Ci sono voluti anni e un trasferimento in America lungo cinque anni per prendere le distanze, recuperare la propria identità e costruire un nuovo rapporto col padre. Con cui litigò furiosamente quando l’attore decise di vendere casa di famiglia a Cortina, scelta che Elisabetta con gli ha mai perdonato: “L’avevano comprata i nonni quando io ero nata. Ero molto legata a quella casa, mi riportava alla nostra infanzia e giovinezza, era la casa di famiglia per antonomasia. Per un lungo periodo, dopo la vendita, non ho più rivolto la parola a mio padre”. La pace arrivò poco dopo, anche perché, ammette, non era difficile perdonarlo. Da persona stimolante, intelligente ecuriosa qual era, con lui non ci si annoiava mai: “Ci ha insegnato a ragionare sempre con la testa propria, senza preconcetti, non lamentarsi, rimboccarsi le maniche e conservare la propria onestà intellettuale”.
Elisabetta Villaggio analizza poi anche il rapporto complicato con il cibo che ha avuto suo padre, che mangiava così tanto da arrivare al “punto da finire per ammazzarsi da solo. Aveva il diabete, lo accompagnavo alle visite mediche e, appena ne usciva, si fiondava nelle pasticcerie. Solo che non comprava una sola ‘pastarella’, le comprava tutte”.

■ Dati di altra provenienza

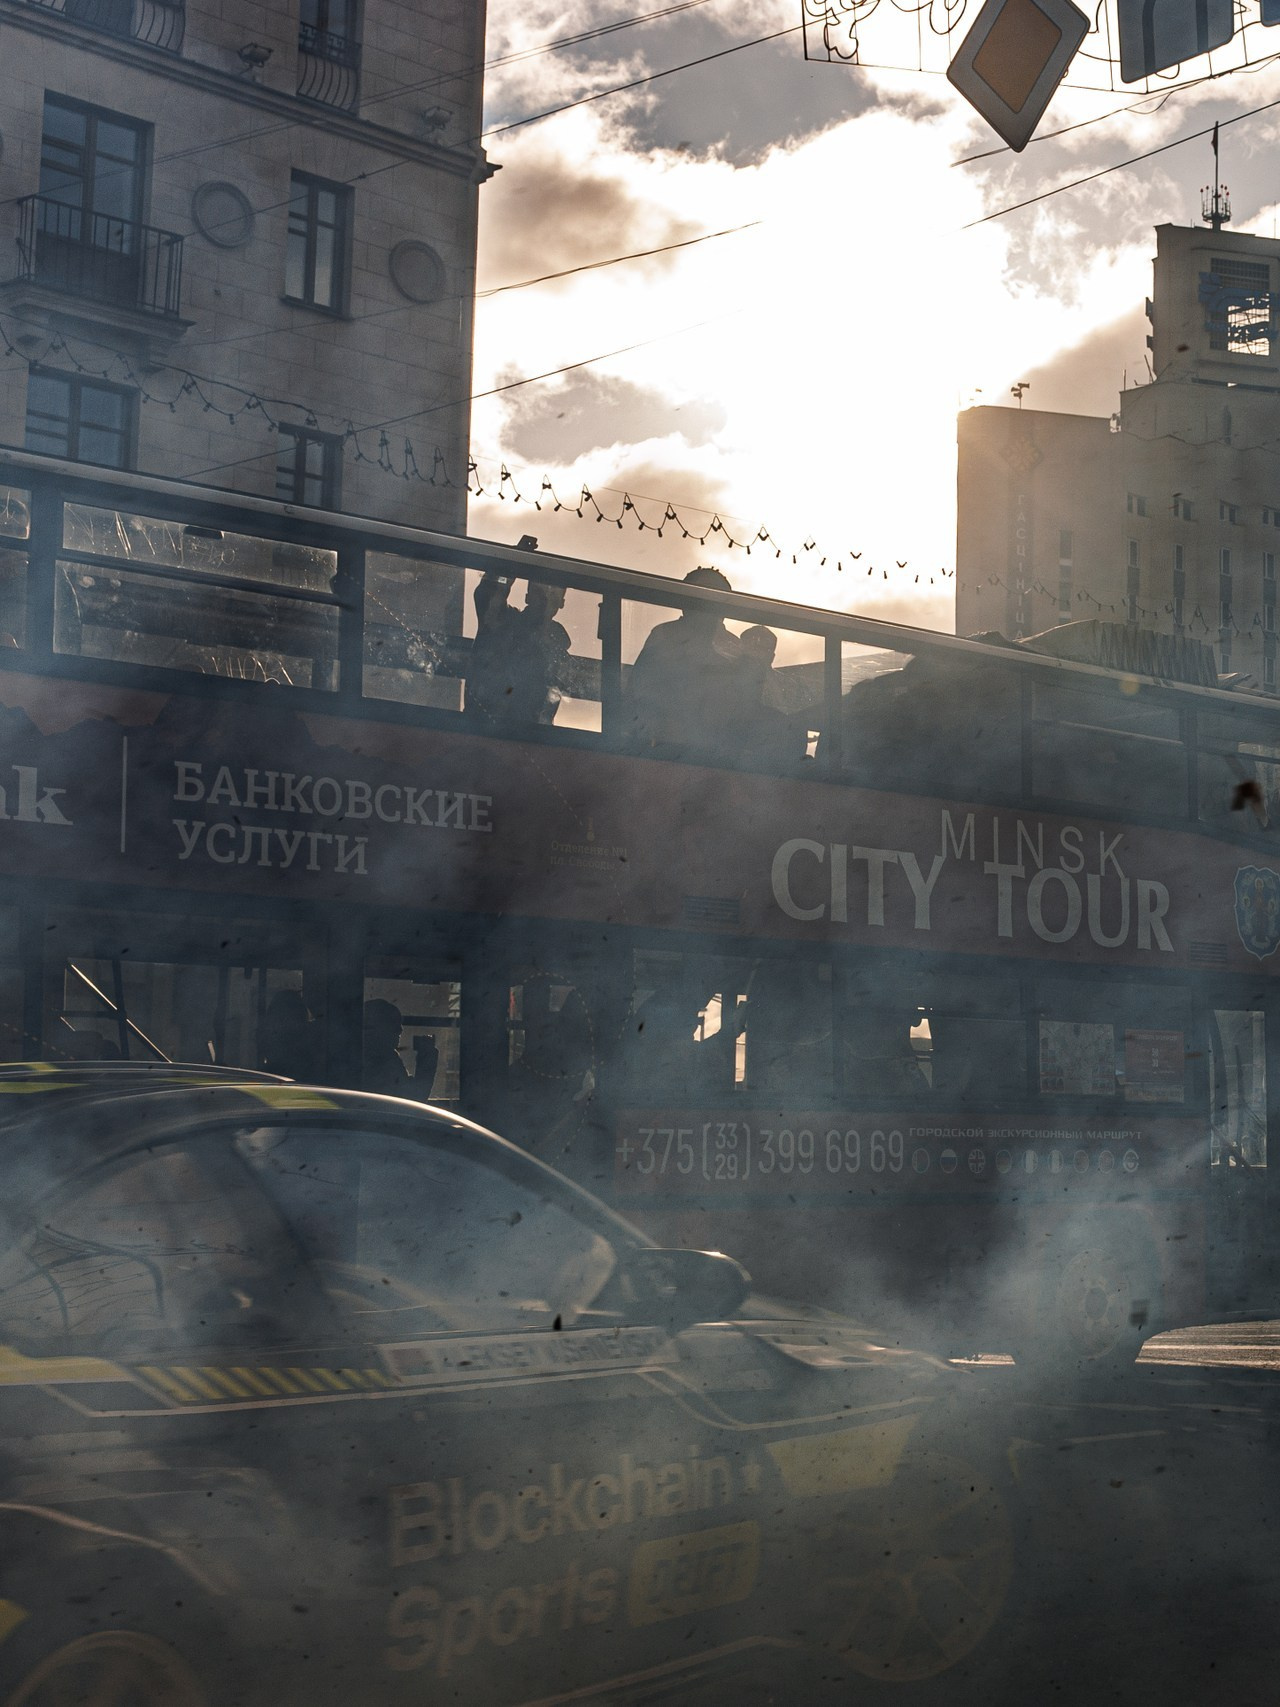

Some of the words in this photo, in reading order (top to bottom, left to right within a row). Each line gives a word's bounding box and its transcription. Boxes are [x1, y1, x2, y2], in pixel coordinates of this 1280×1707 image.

[173, 760, 493, 833] БАНКОВСКИЕ
[172, 819, 369, 876] УСЛУГИ
[941, 808, 1125, 878] MINSK
[771, 838, 947, 930] CITY
[984, 861, 1175, 952] TOUR
[615, 1128, 695, 1174] +375
[758, 1129, 815, 1174] 399
[825, 1129, 861, 1174] 69
[870, 1129, 904, 1174] 69
[909, 1126, 984, 1138] ГОРОДСКОЙ
[987, 1128, 1083, 1139] ЭКСКУРСИОННЫЙ
[1086, 1130, 1142, 1141] МАРШРУТ
[389, 1444, 733, 1568] Blockchain
[384, 1556, 620, 1679] Sports

Villaggio non solo era goloso e gli piaceva qualunque cosa, ma per lui “mangiare era un po’ come prendere un ansiolitico. Se si svegliava di notte, andava in cucina e mangiava quello che trovava. Quando a Roma hanno aperto i primi ristoranti etnici, siamo stati i primi a frequentarli. Per mio padre, quando eravamo in viaggio all’estero, visitare un Museo era importante esattamente come provare il cibo locale, ma non nei grandi ristoranti, anche per strada, dove si mangiano le cose tipiche del luogo. Lo faceva anche a Roma”.
Un rapporto complesso col cibo che camuffava anche certi “baratri di infelicità”: “Era molto timido e li nascondeva. Aveva quel pudore tipicamente ligure che lo spingeva a non rivelare i propri sentimenti. Era tormentato, si poneva tante domande, ma erano tutte cose sue, che non gli piaceva mostrare”. Ma qual è la cosa che più ha colpito Elisabetta delle cose che gli raccontò il padre prima di morire:
“Una volta, nei suoi ultimi mesi di vita, mi confessò: ‘Sai che io che, da piccolo, pensavo di essere pazzo?’ Non l’aveva mai detto prima, ho riflettuto sul fatto che poi, nella sua vita, aveva avuto successo proprio facendo il pazzo, cioè recitando”.